On Wed, Sep 22, 2004 at 04:45:34PM -0700, Jeff Chan wrote:
OK We would like to proceed with the first part of this. We propose adding JP to multi on Monday September 27, but keeping the JP data in WS for now, and asking SA to add JP to SA 3.1 after that change next Monday. We would want to announce the new list so that other programs using multi.surbl.org would know that the return values had changed. That would give them some time if they need to make adjustments to their code. JP would get the 64 bitmask [...]
I'm going to assume a lack of comments means everyone agrees....
I don't disagree, but do have a couple of comments.
First, when JP drops out of WS there will be a content change. One of the reasons for adding JP is to get it a higher SpamAssassin score. But since it was part of WS before that, there will be a "decrease" there. And the folk doing scoring won't have a way to anticipate the effect. Would it be worthwhile to phase JP out of WS slowly and/or put up a temporary WSONLY list that could be used for scoring trials?
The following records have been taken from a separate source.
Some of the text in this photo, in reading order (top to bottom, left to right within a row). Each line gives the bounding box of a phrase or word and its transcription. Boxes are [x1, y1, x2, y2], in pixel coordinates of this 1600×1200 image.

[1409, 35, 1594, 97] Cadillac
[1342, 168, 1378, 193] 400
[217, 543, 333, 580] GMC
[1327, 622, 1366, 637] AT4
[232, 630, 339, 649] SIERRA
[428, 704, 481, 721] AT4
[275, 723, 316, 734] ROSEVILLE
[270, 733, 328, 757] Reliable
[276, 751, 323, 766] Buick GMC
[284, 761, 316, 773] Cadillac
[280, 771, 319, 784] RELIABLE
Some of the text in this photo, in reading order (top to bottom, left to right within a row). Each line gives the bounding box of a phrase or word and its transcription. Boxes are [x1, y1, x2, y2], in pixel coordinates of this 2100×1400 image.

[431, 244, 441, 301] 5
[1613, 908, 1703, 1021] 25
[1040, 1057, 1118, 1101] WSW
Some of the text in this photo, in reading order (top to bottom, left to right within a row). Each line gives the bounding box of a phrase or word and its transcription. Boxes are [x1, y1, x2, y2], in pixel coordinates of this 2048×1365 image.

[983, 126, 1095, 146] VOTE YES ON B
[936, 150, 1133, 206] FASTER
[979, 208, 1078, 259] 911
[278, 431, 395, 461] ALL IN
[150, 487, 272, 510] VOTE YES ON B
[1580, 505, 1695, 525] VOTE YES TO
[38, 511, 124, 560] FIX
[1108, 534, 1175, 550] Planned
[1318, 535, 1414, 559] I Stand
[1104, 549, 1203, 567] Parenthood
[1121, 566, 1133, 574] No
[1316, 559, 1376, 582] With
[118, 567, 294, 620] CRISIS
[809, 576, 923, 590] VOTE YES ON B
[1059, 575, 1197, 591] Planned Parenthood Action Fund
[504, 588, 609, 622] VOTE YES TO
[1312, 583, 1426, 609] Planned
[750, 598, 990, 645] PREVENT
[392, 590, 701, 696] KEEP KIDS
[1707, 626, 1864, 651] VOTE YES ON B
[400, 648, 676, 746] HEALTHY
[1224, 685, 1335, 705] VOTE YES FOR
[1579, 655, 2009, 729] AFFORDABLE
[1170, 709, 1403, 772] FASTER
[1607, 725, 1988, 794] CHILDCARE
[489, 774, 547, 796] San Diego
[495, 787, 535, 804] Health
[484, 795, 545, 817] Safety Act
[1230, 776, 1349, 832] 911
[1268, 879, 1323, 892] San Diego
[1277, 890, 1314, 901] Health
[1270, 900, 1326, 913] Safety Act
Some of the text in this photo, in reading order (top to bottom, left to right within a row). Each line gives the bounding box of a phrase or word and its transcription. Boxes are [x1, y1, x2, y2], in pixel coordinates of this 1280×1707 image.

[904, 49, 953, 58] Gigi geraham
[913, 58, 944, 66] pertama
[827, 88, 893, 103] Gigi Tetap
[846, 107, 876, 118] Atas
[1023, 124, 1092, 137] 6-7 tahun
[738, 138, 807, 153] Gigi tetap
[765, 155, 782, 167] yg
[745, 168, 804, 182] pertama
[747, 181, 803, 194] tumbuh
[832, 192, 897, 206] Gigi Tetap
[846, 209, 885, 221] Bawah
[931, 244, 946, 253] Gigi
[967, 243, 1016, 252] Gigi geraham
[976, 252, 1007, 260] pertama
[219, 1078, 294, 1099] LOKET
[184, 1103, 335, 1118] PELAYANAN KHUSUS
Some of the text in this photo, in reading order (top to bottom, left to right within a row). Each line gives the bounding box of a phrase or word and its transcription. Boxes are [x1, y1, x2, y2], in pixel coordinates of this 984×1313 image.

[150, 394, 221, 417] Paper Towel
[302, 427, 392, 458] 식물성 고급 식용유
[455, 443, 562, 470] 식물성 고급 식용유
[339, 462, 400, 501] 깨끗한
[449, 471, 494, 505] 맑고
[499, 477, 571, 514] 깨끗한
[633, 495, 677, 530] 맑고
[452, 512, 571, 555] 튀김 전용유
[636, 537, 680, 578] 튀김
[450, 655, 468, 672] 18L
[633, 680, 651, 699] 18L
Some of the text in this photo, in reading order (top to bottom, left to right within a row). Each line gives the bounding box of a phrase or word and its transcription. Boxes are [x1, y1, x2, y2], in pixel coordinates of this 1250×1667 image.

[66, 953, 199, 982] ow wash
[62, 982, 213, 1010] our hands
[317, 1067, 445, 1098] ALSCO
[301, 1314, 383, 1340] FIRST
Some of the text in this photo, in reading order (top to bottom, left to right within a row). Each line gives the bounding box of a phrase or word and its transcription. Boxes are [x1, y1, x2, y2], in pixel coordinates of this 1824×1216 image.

The other is more about how people use scores. As we do a better job of spotting and reduce FPs the SpamAssassin scores will go up. This is good, right? Well, maybe. There are six URIRL's in SpamAssassin 3.0 already. And as scored, a -single- feature in the text of the message can trigger a spam score of 9.9 (without bayes) or 12.4 (with). Now. This scares me, since some systems discard spam above a certain score.
If we assume that JP gets the same confidence that SC has, that inflates the score to 13.8 or 16.6. That's a lot of certainty to invest in one lone URI. Especially given that evil URIs do wind up in legitimate mail, however rarely.
Which isn't directly SURBL's problem, of course.